Working data Start Marker

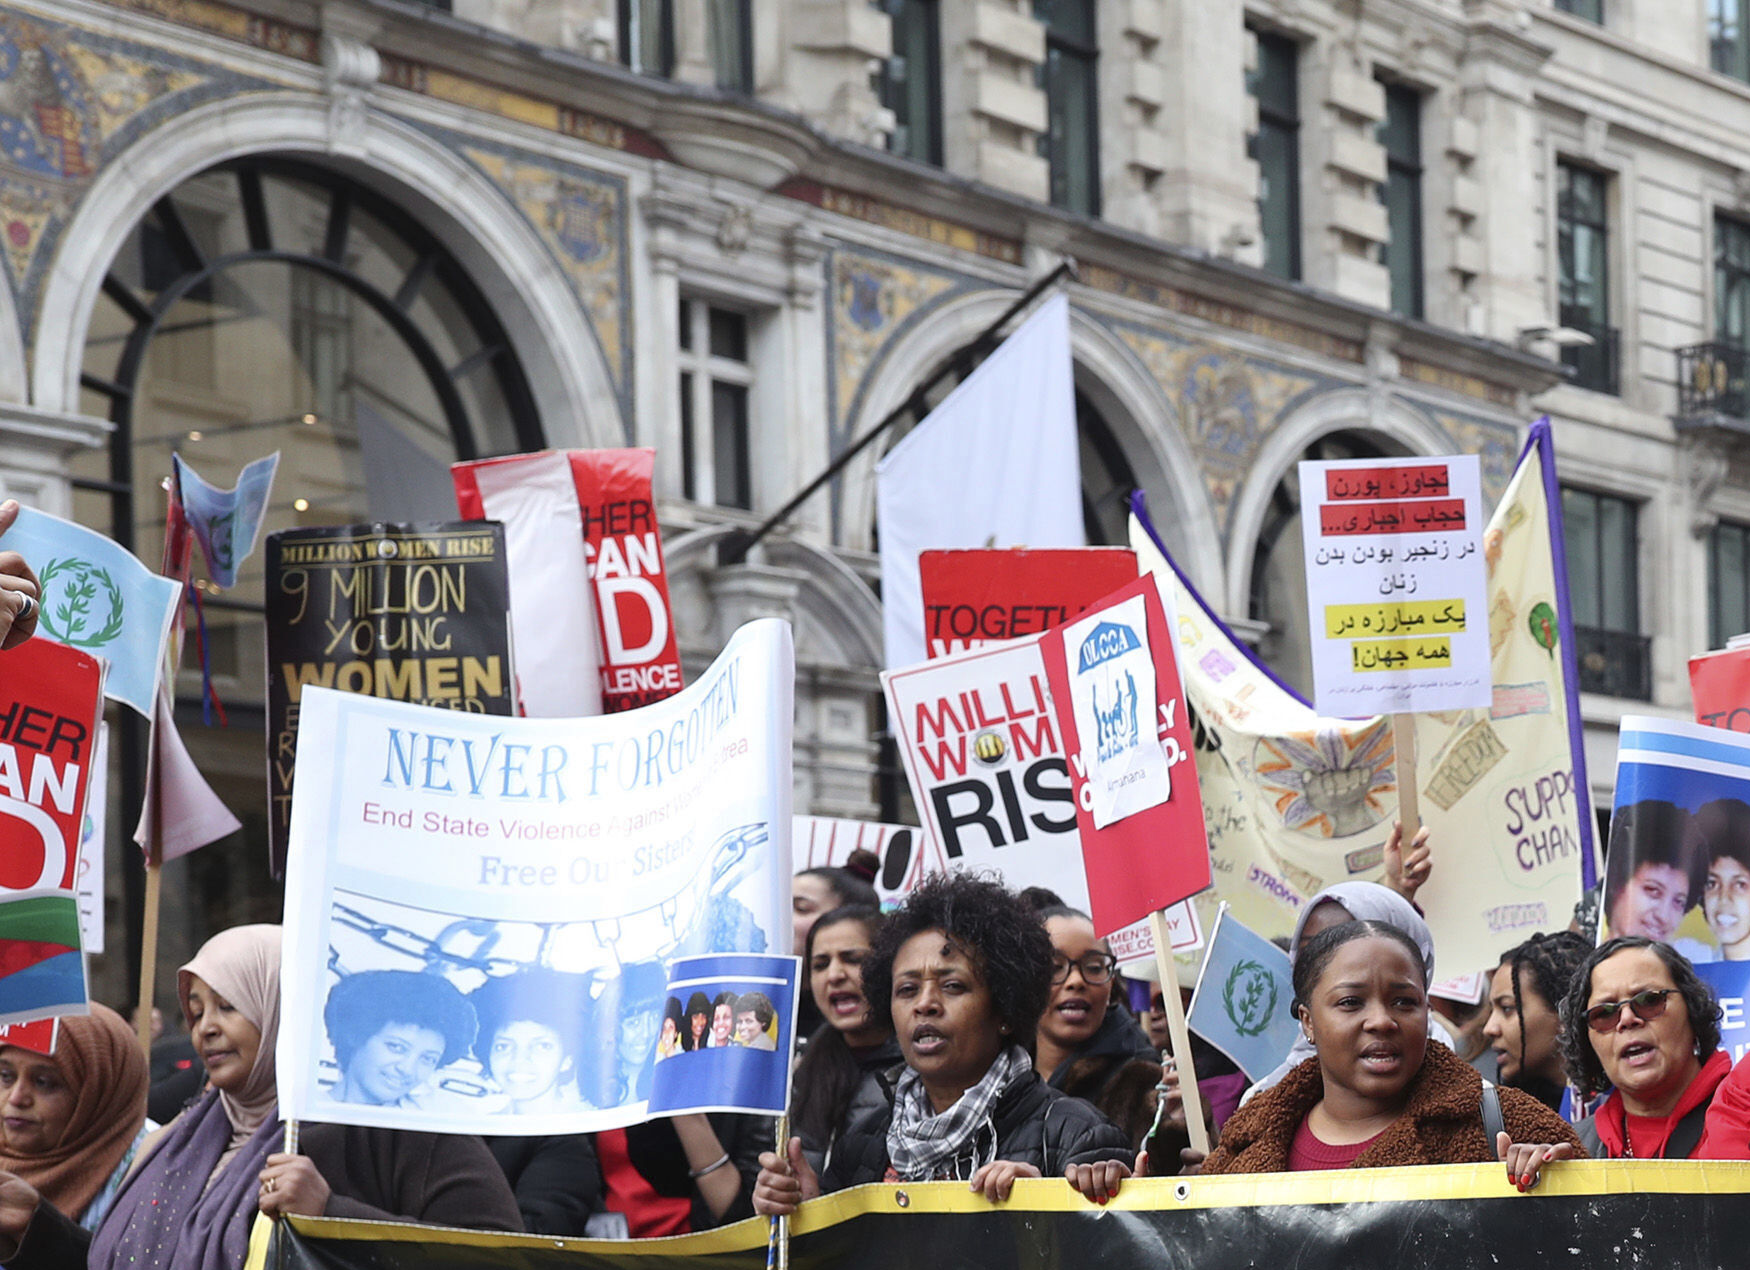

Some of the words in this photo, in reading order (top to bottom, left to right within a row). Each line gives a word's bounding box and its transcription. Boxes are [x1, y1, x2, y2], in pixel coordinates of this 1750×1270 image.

[1413, 505, 1466, 527] حجاب
[281, 544, 366, 564] MILLION
[366, 539, 441, 560] WOMEN
[446, 536, 495, 557] RISE
[1315, 545, 1346, 567] بدن
[1352, 547, 1394, 564] بودن
[1401, 539, 1450, 563] زنجیر
[1456, 542, 1476, 560] در
[329, 564, 466, 621] MILLION
[1379, 573, 1417, 595] زنان
[927, 604, 1090, 638] TOGET
[1334, 615, 1355, 635] در
[1361, 608, 1425, 634] مبارزه
[1432, 604, 1467, 629] یک
[324, 616, 452, 656] YOUNG
[1416, 642, 1450, 661] همه
[282, 655, 503, 702] WOMEN
[603, 664, 680, 695] LENCE
[916, 675, 1048, 744] MILLI
[381, 727, 570, 804] NEVER
[588, 656, 741, 796] FORGOTTEN
[918, 715, 1059, 782] WOM
[930, 757, 1080, 859] RIS
[1505, 766, 1576, 836] SUPP
[362, 801, 413, 829] End
[423, 811, 490, 839] State
[500, 818, 600, 841] Violence
[1516, 824, 1577, 872] CHAN
[477, 854, 558, 887] Free
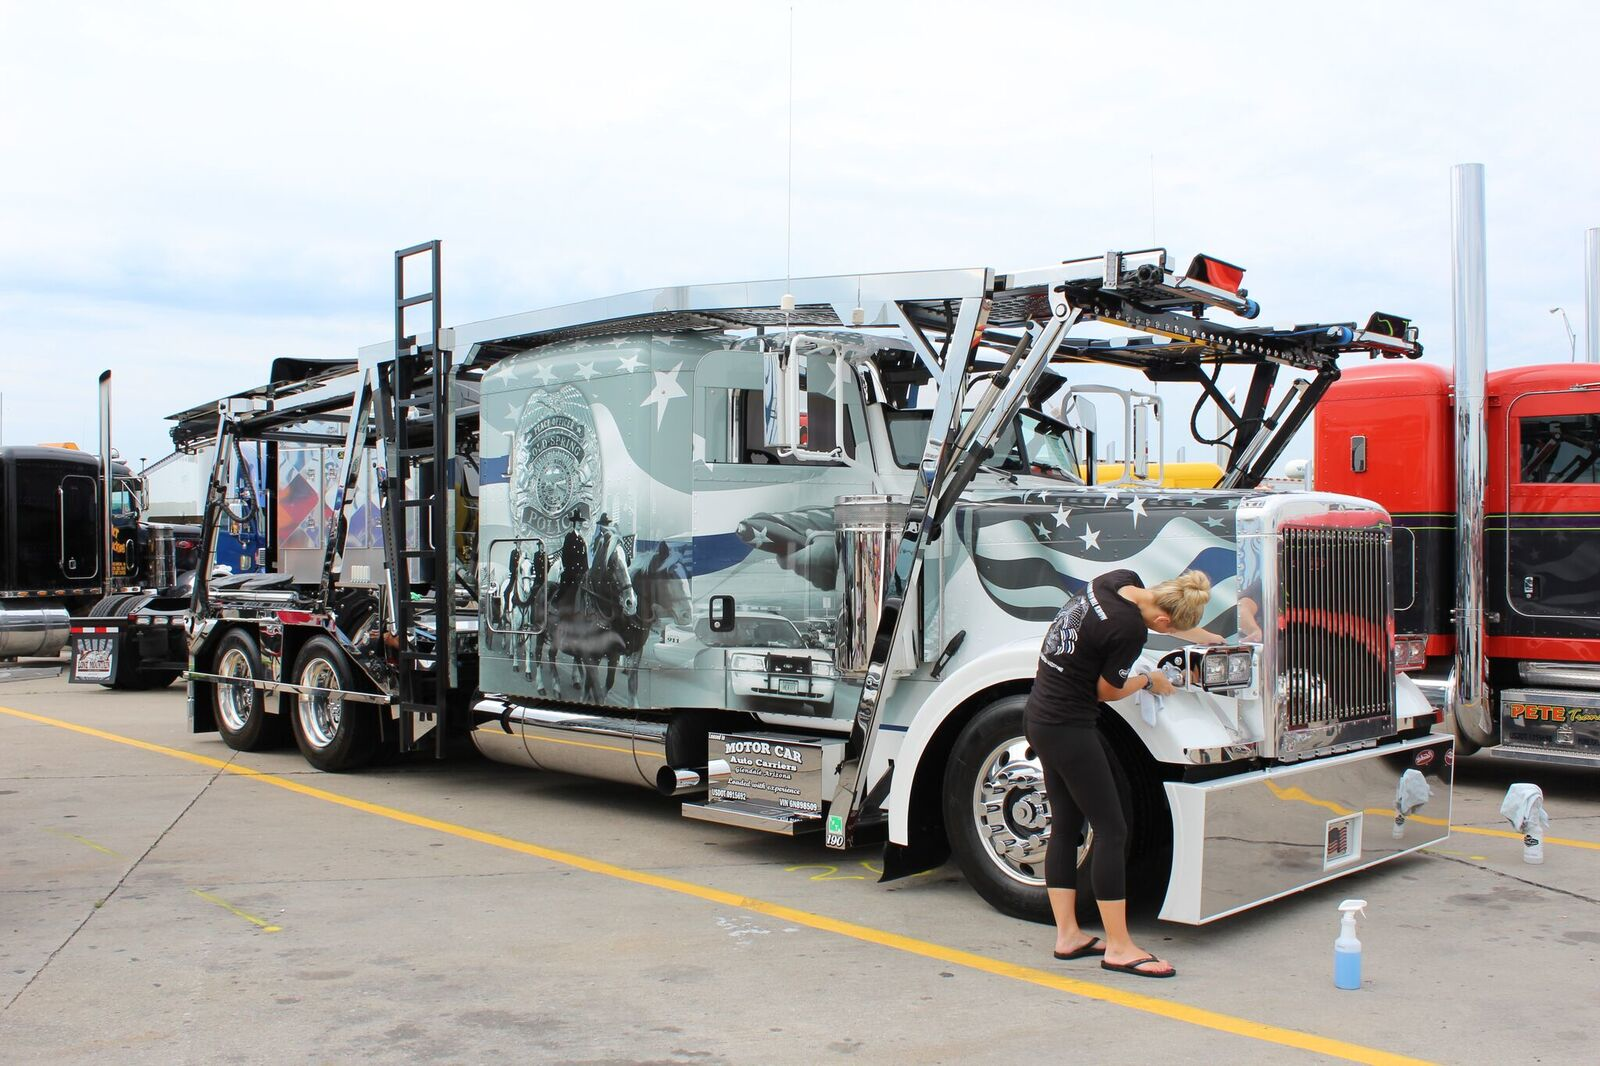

Working data End Marker

§ Exercise aim
Every line above is to be repeated exactly, but no picture is to appear in the copy.

§ Output for this task
Some of the words in this photo, in reading order (top to bottom, left to right within a row). Each line gives a word's bounding box and its transcription. Boxes are [x1, y1, x2, y2], in pixel coordinates of this 1750×1270 image.

[1413, 505, 1466, 527] حجاب
[281, 544, 366, 564] MILLION
[366, 539, 441, 560] WOMEN
[446, 536, 495, 557] RISE
[1315, 545, 1346, 567] بدن
[1352, 547, 1394, 564] بودن
[1401, 539, 1450, 563] زنجیر
[1456, 542, 1476, 560] در
[329, 564, 466, 621] MILLION
[1379, 573, 1417, 595] زنان
[927, 604, 1090, 638] TOGET
[1334, 615, 1355, 635] در
[1361, 608, 1425, 634] مبارزه
[1432, 604, 1467, 629] یک
[324, 616, 452, 656] YOUNG
[1416, 642, 1450, 661] همه
[282, 655, 503, 702] WOMEN
[603, 664, 680, 695] LENCE
[916, 675, 1048, 744] MILLI
[381, 727, 570, 804] NEVER
[588, 656, 741, 796] FORGOTTEN
[918, 715, 1059, 782] WOM
[930, 757, 1080, 859] RIS
[1505, 766, 1576, 836] SUPP
[362, 801, 413, 829] End
[423, 811, 490, 839] State
[500, 818, 600, 841] Violence
[1516, 824, 1577, 872] CHAN
[477, 854, 558, 887] Free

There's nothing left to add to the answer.